***** PROVIDED INFORMATION *****
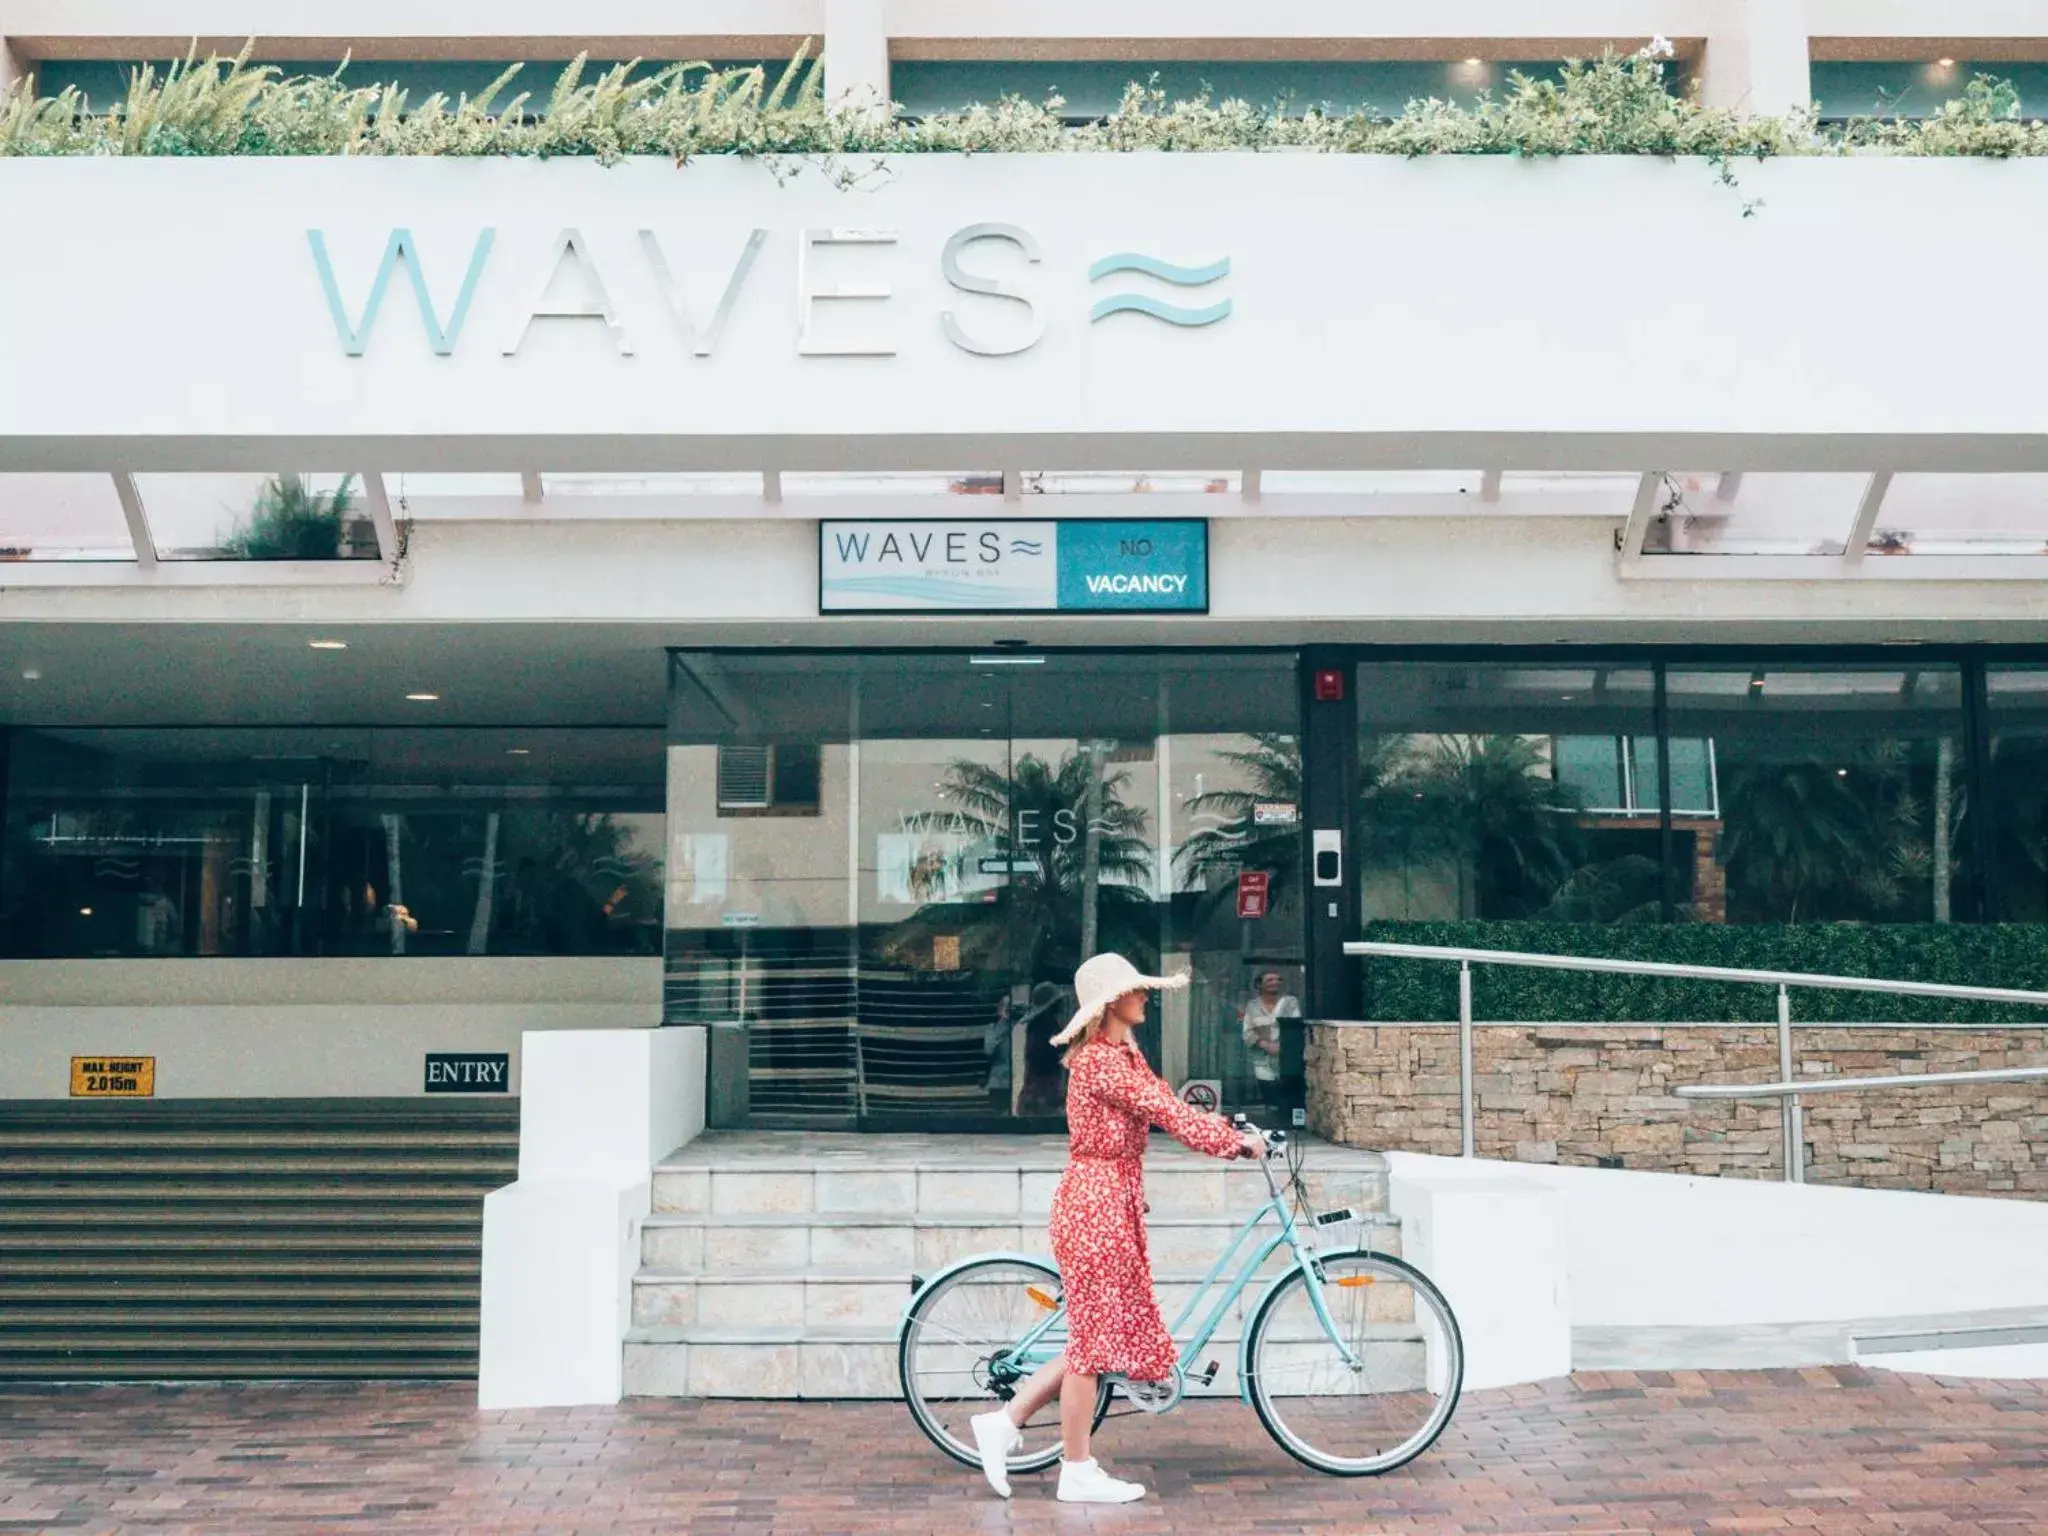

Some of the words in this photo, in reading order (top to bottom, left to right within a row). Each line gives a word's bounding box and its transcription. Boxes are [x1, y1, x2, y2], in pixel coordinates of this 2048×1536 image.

[306, 222, 1046, 358] WAVES
[836, 532, 1001, 563] WAVES
[1119, 538, 1153, 557] NO
[1086, 574, 1188, 594] VACANCY
[898, 809, 1078, 844] WAVES
[109, 1062, 143, 1073] HEIGHT
[428, 1061, 505, 1082] ENTRY
[87, 1076, 137, 1091] 2.015m
*****
(PROBLEM DETAILS) The answer must be the full listing, restated word for word, with no pictures in it.

(RESPONSE)
Some of the words in this photo, in reading order (top to bottom, left to right within a row). Each line gives a word's bounding box and its transcription. Boxes are [x1, y1, x2, y2], in pixel coordinates of this 2048×1536 image.

[306, 222, 1046, 358] WAVES
[836, 532, 1001, 563] WAVES
[1119, 538, 1153, 557] NO
[1086, 574, 1188, 594] VACANCY
[898, 809, 1078, 844] WAVES
[109, 1062, 143, 1073] HEIGHT
[428, 1061, 505, 1082] ENTRY
[87, 1076, 137, 1091] 2.015m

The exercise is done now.